=== WORK TO COMPLETE ===
Each entry, from beginning to end, is to be transcribed verbatim.

___

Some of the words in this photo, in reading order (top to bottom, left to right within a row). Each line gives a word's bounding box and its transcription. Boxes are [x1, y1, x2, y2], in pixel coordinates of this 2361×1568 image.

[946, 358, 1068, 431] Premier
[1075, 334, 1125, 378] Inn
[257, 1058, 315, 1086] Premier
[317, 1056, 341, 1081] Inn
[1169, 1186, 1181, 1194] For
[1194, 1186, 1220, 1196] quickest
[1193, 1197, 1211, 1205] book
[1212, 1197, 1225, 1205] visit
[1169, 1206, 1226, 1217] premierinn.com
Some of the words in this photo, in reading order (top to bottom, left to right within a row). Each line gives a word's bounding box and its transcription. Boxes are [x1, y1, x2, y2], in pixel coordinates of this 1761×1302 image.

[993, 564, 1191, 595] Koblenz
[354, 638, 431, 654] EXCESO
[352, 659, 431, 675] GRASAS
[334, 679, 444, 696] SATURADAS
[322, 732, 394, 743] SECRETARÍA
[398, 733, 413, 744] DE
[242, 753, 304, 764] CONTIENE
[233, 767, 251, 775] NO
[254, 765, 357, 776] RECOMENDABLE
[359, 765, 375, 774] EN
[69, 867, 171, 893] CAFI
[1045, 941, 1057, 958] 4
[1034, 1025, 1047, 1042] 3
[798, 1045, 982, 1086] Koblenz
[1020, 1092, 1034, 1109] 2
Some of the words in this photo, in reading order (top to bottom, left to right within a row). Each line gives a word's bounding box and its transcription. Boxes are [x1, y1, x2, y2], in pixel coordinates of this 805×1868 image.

___

=== TASK ANSWER ===
Some of the words in this photo, in reading order (top to bottom, left to right within a row). Each line gives a word's bounding box and its transcription. Boxes are [x1, y1, x2, y2], in pixel coordinates of this 2361×1568 image.

[946, 358, 1068, 431] Premier
[1075, 334, 1125, 378] Inn
[257, 1058, 315, 1086] Premier
[317, 1056, 341, 1081] Inn
[1169, 1186, 1181, 1194] For
[1194, 1186, 1220, 1196] quickest
[1193, 1197, 1211, 1205] book
[1212, 1197, 1225, 1205] visit
[1169, 1206, 1226, 1217] premierinn.com
Some of the words in this photo, in reading order (top to bottom, left to right within a row). Each line gives a word's bounding box and its transcription. Boxes are [x1, y1, x2, y2], in pixel coordinates of this 1761×1302 image.

[993, 564, 1191, 595] Koblenz
[354, 638, 431, 654] EXCESO
[352, 659, 431, 675] GRASAS
[334, 679, 444, 696] SATURADAS
[322, 732, 394, 743] SECRETARÍA
[398, 733, 413, 744] DE
[242, 753, 304, 764] CONTIENE
[233, 767, 251, 775] NO
[254, 765, 357, 776] RECOMENDABLE
[359, 765, 375, 774] EN
[69, 867, 171, 893] CAFI
[1045, 941, 1057, 958] 4
[1034, 1025, 1047, 1042] 3
[798, 1045, 982, 1086] Koblenz
[1020, 1092, 1034, 1109] 2
Some of the words in this photo, in reading order (top to bottom, left to right within a row). Each line gives a word's bounding box and its transcription. Boxes are [x1, y1, x2, y2], in pixel coordinates of this 805×1868 image.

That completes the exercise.